Prompt ::
Return all of the following entries as written, but without the images.

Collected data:
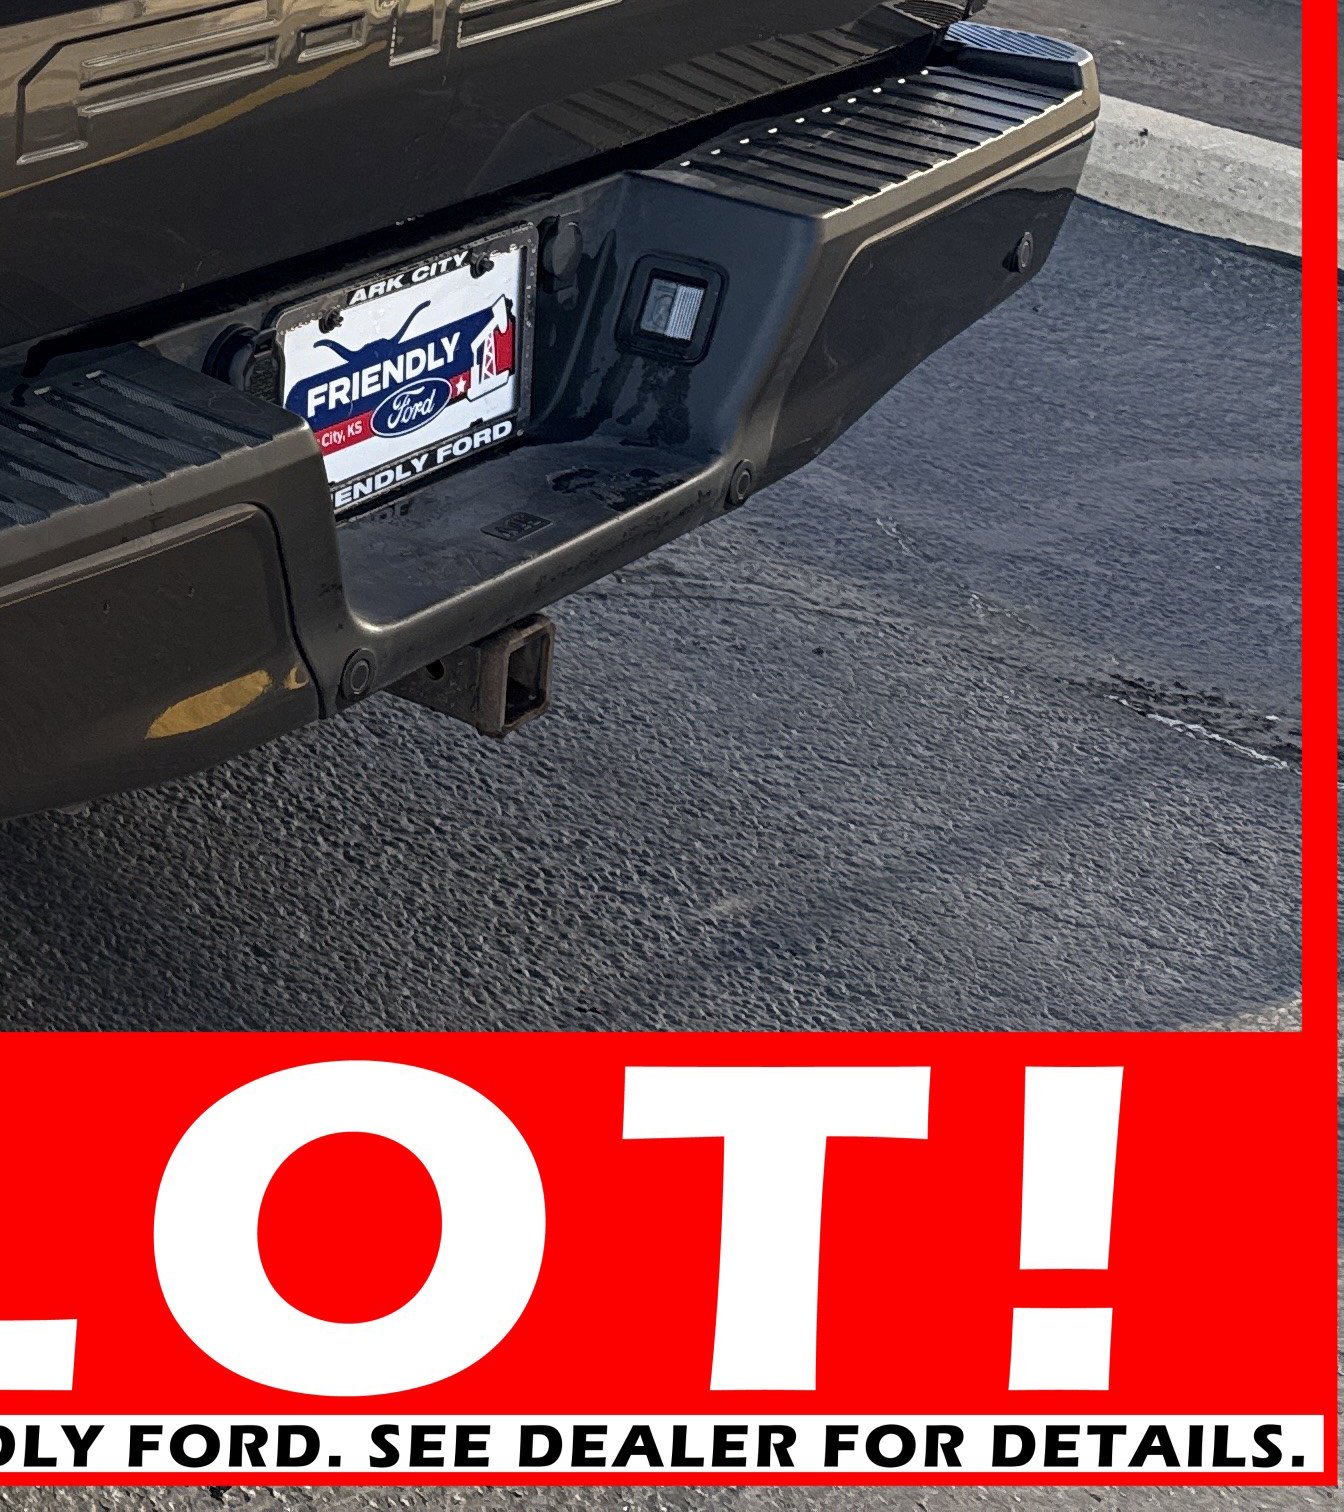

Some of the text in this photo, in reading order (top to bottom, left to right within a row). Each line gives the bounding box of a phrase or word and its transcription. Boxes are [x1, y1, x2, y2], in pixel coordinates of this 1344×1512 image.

[348, 250, 469, 306] ARK CITY
[306, 331, 461, 419] FRIENDLY
[321, 420, 363, 448] City, KS
[387, 386, 438, 429] Ford
[330, 420, 513, 509] ENDLY FORD

Solution below ::
Some of the text in this photo, in reading order (top to bottom, left to right within a row). Each line gives the bounding box of a phrase or word and its transcription. Boxes are [x1, y1, x2, y2], in pixel coordinates of this 1344×1512 image.

[348, 250, 469, 306] ARK CITY
[306, 331, 461, 419] FRIENDLY
[321, 420, 363, 448] City, KS
[387, 386, 438, 429] Ford
[330, 420, 513, 509] ENDLY FORD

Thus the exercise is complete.